Un nouveau bond en avant. Après avoir ralenti au deuxième trimestre en raison de l'épidémie de pneumonie atypique, la croissance chinoise s'est offert une nouvelle accélération à faire pâlir d'envie les autres économies du monde. Au troisième trimestre, le taux de croissance s'est élevé à 9,1%, reléguant au rang de mauvais souvenir les 6,7% enregistrés entre avril et juin, le plus faible taux trimestriel connu en 11 ans.Les autorités chinoises estiment que la croissance 2004 devrait s'établir aux environs de 8,5%, une vitalité qui contraste avec l'apathie française et même la reprise américaine puisqu'aux Etats-Unis la hausse du produit intérieur brut (PIB) devrait avoisiner cette année les 2,5%. Ces performances économiques - et notamment la hausse de 30% des exportations au troisième trimestre - devraient apporter du grain à moudre à ceux qui aux Etats-Unis demandent à l'administration Bush de faire pression sur Pékin pour obtenir une réévaluation du yuan. Par ailleurs, la croissance chinoise, qui fait les affaires de toute l'Asie puisqu'elle est la première destination des exportations sud-coréennes et taiwanaises, doit beaucoup au dynamisme des investissements.
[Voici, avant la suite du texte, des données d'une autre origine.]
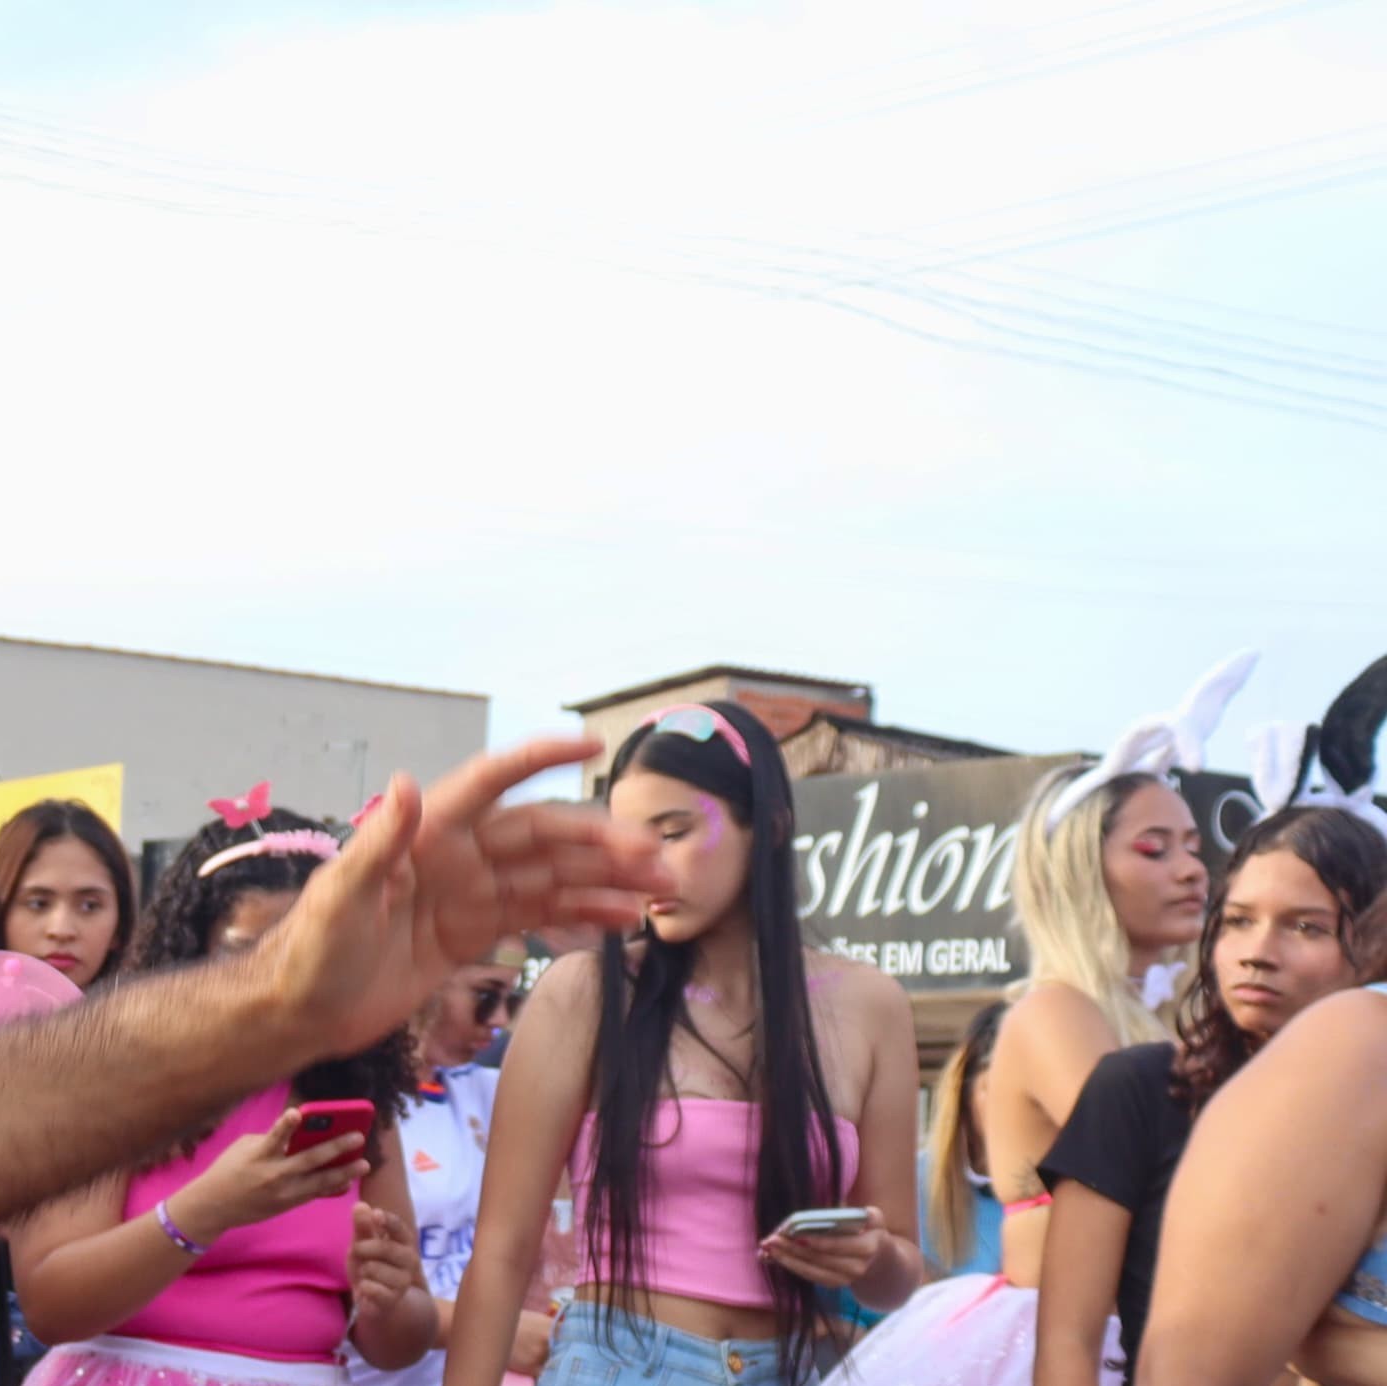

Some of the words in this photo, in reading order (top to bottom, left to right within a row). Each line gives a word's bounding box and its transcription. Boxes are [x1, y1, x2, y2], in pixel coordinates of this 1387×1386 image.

[793, 781, 1023, 919] shion
[882, 941, 924, 975] EM
[929, 937, 1012, 974] GERAL
Sur les neufs premiers mois de l'année, ces derniers, qui comptent pour un tiers du PIB chinois, ont augmenté de 31%. Le mouvement ne semble pas prêt de s'arrêter: le constructeur automobile américain Ford, associé à son partenaire local Changan Automobile Groupe, a annoncé vendredi un investissement de plus d'un milliard de dollars au cours des prochaines années pour accroître leur production en Chine. Malgré les bonnes perspectives globales, la Chine continue de faire face à une série de difficultés. La forte croissance chinoise fait planer des risques de déséquilibre sur la société. Qiu Xiaohua, vice-directeur du Bureau national des statistiques, a ainsi estimé qu'il restait "de nombreux problèmes économiques et des mesures rapides doivent être prises pour les résoudre". Et d'évoquer notamment la disparité existant entre les revenus des Chinois vivant en ville ou la campagne. Sur les neuf premiers mois, les revenus des citadins ont augmenté de 9%, avec une moyenne mensuelle par habitant de 6.347 yuans (767 dollars). A la campagne, les revenus ont progressé de 3,8%, à moins de 2.000 yuans par mois. Parmi les problèmes, Qiu Xiaohua a également souligné les "pressions sur l'emploi" - le taux de chômage urbain en septembre a officiellement été de 4,2% - et "la croissance trop rapide du crédit".